-- Dataset content --
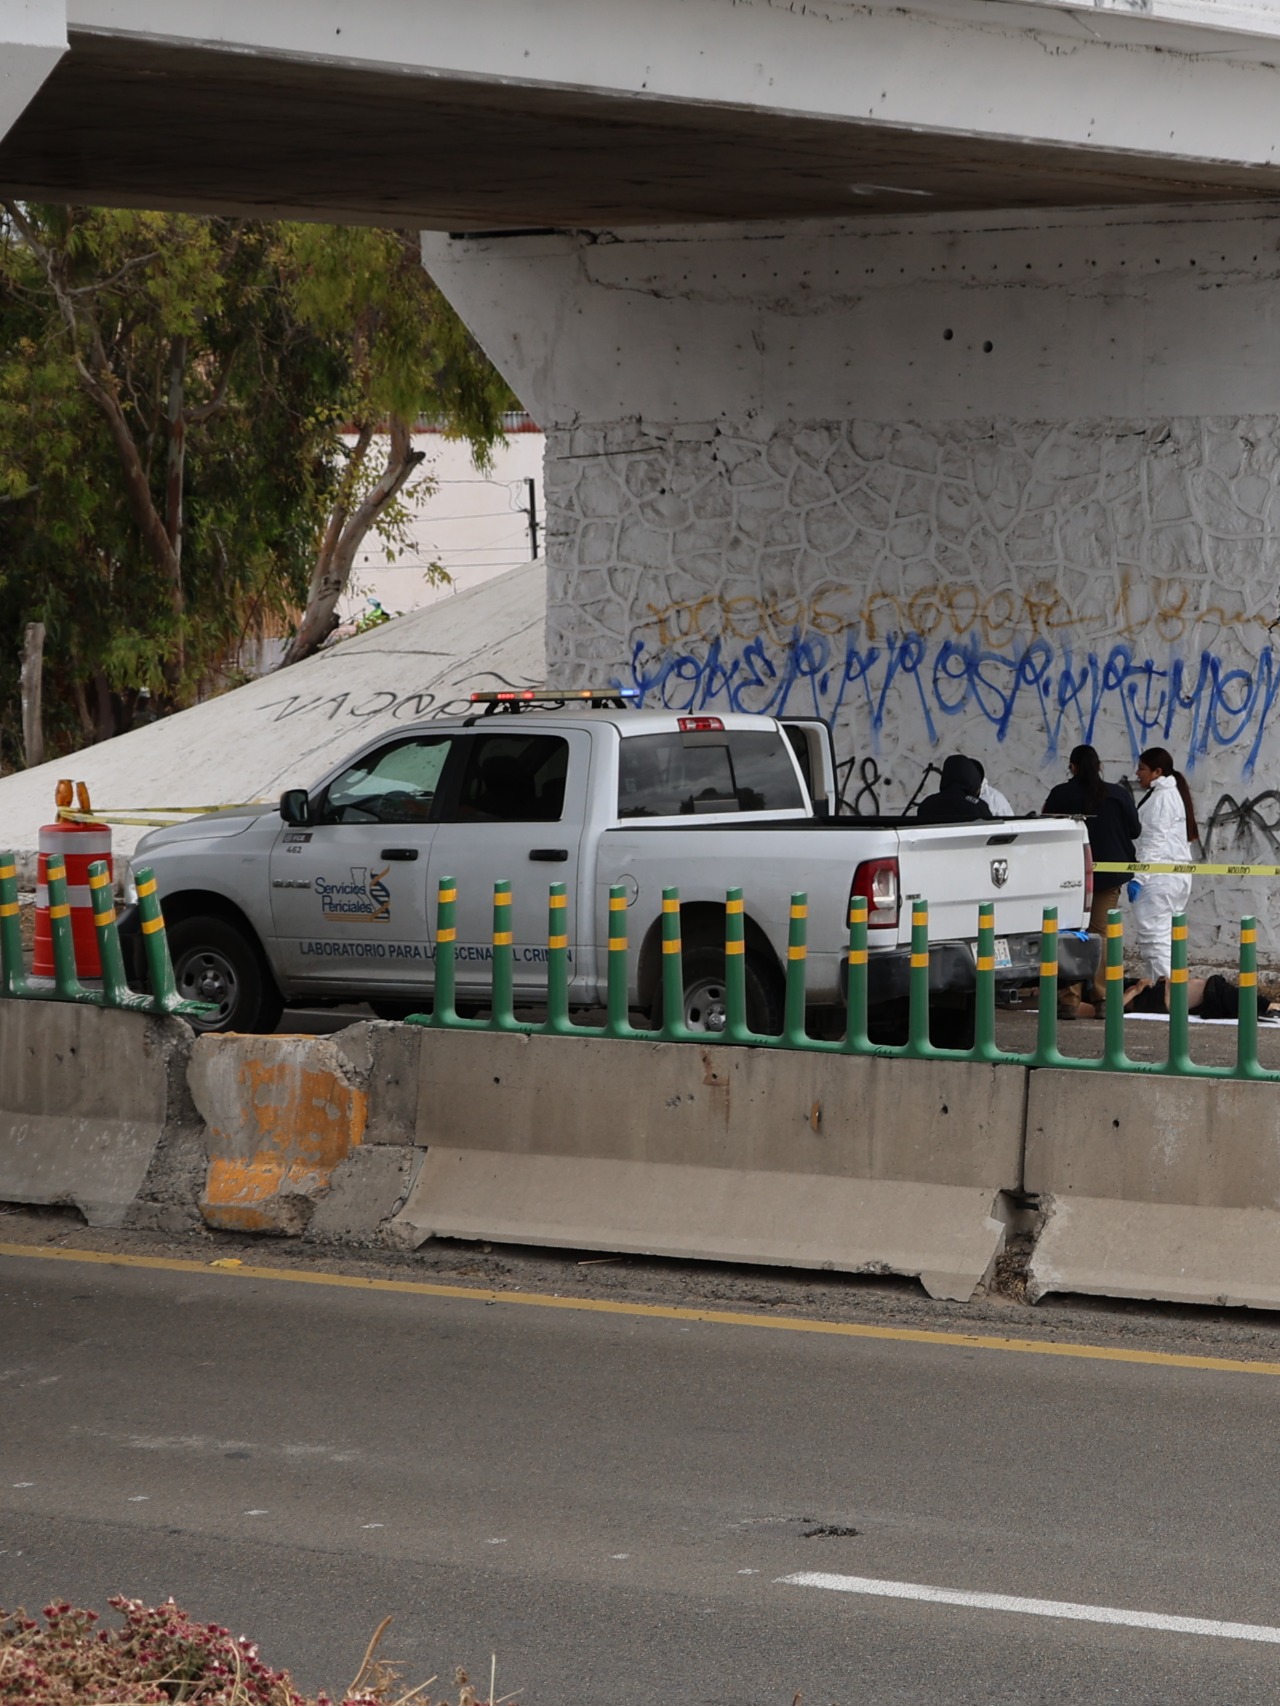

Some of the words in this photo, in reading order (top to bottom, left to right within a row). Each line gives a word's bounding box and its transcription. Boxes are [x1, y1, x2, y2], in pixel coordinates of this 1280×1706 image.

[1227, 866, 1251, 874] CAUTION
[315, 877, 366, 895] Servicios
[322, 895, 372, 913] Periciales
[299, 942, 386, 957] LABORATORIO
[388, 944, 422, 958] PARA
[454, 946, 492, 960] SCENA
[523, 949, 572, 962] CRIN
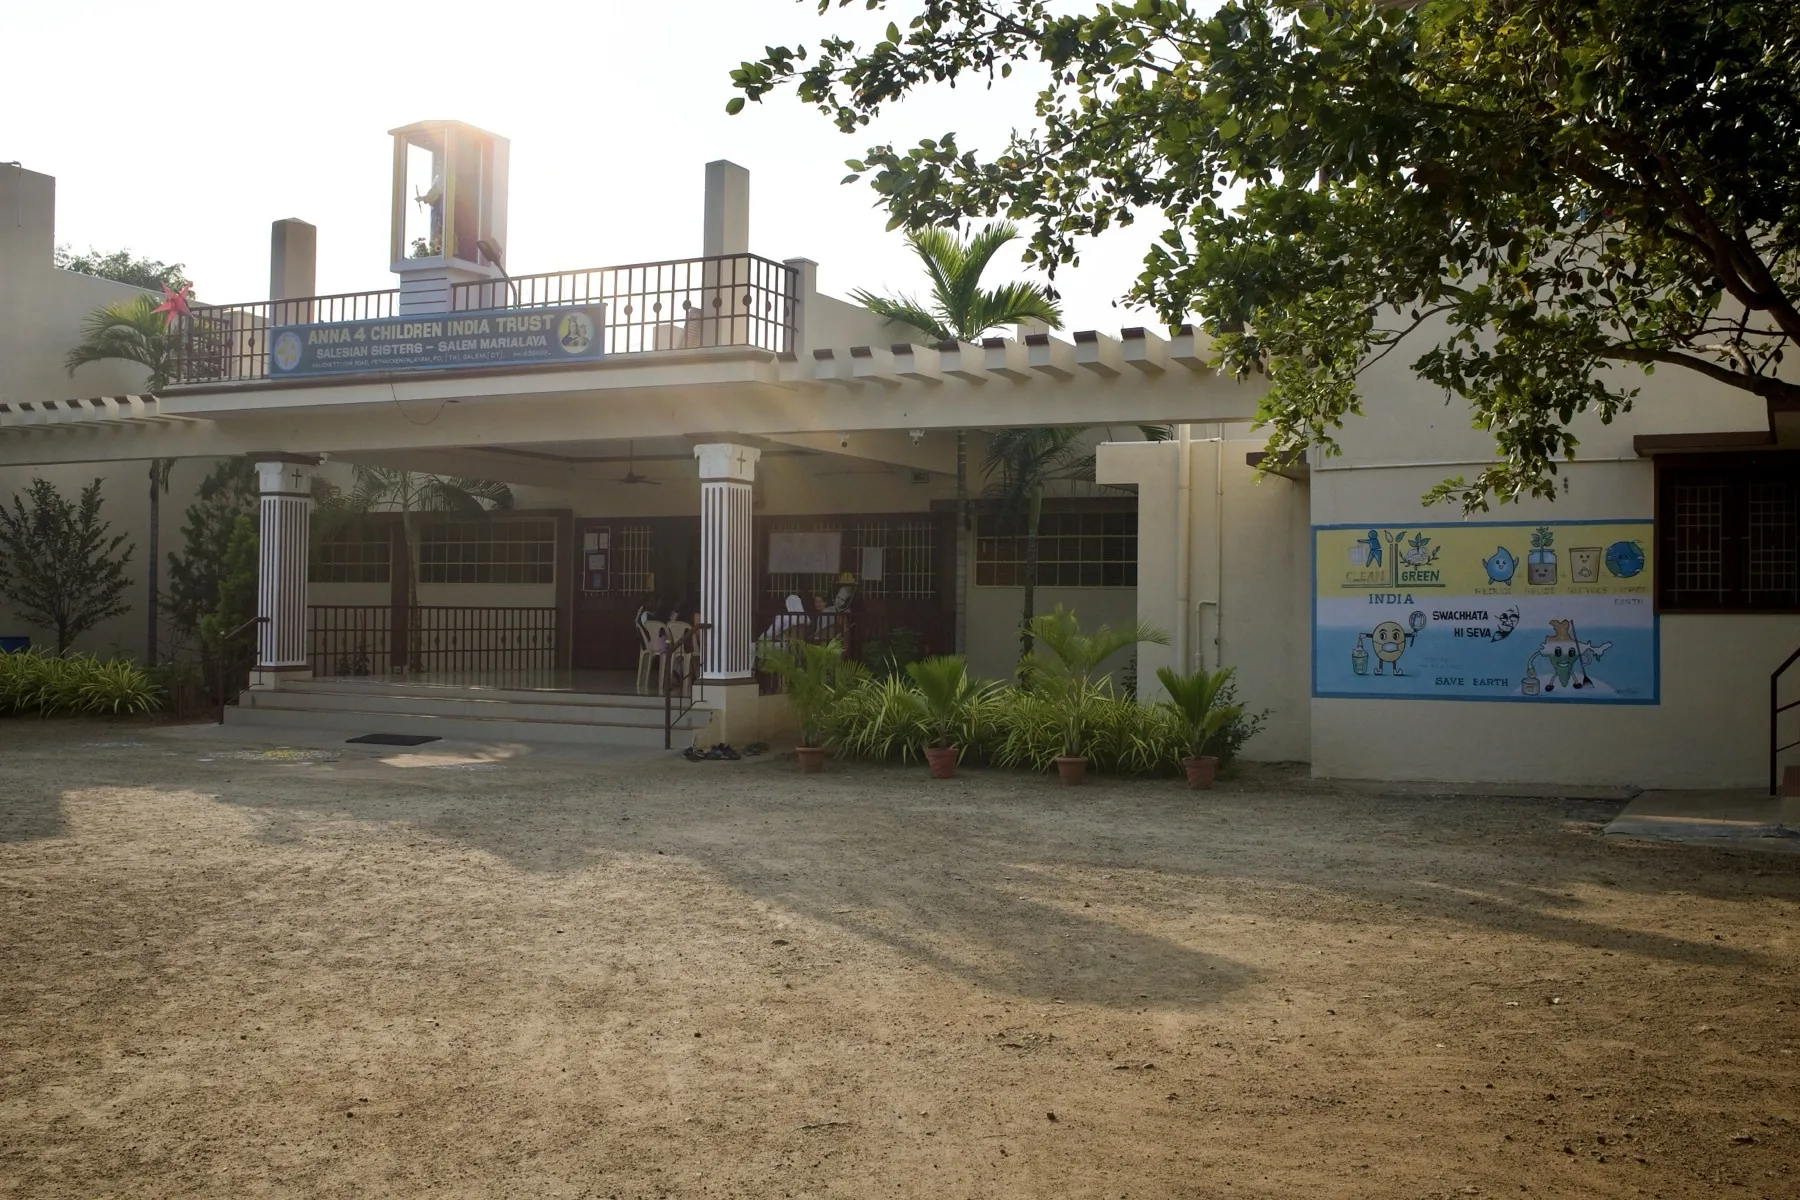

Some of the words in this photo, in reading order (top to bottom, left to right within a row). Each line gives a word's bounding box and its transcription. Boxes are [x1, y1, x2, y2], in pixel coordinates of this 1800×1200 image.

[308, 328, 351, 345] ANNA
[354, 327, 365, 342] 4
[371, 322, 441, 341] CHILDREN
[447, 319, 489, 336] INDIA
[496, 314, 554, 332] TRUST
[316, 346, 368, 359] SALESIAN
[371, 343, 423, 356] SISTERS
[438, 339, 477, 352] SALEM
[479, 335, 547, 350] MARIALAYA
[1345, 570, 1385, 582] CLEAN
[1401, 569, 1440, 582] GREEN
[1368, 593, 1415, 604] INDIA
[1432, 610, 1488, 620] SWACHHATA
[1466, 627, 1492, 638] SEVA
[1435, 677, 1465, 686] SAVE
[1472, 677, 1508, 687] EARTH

-- Assignment --
Type out the data above once more, exactly, with no images included.

-- Reply to the exercise --
Some of the words in this photo, in reading order (top to bottom, left to right within a row). Each line gives a word's bounding box and its transcription. Boxes are [x1, y1, x2, y2], in pixel coordinates of this 1280×1706 image.

[1227, 866, 1251, 874] CAUTION
[315, 877, 366, 895] Servicios
[322, 895, 372, 913] Periciales
[299, 942, 386, 957] LABORATORIO
[388, 944, 422, 958] PARA
[454, 946, 492, 960] SCENA
[523, 949, 572, 962] CRIN

Some of the words in this photo, in reading order (top to bottom, left to right within a row). Each line gives a word's bounding box and its transcription. Boxes are [x1, y1, x2, y2], in pixel coordinates of this 1800×1200 image.

[308, 328, 351, 345] ANNA
[354, 327, 365, 342] 4
[371, 322, 441, 341] CHILDREN
[447, 319, 489, 336] INDIA
[496, 314, 554, 332] TRUST
[316, 346, 368, 359] SALESIAN
[371, 343, 423, 356] SISTERS
[438, 339, 477, 352] SALEM
[479, 335, 547, 350] MARIALAYA
[1345, 570, 1385, 582] CLEAN
[1401, 569, 1440, 582] GREEN
[1368, 593, 1415, 604] INDIA
[1432, 610, 1488, 620] SWACHHATA
[1466, 627, 1492, 638] SEVA
[1435, 677, 1465, 686] SAVE
[1472, 677, 1508, 687] EARTH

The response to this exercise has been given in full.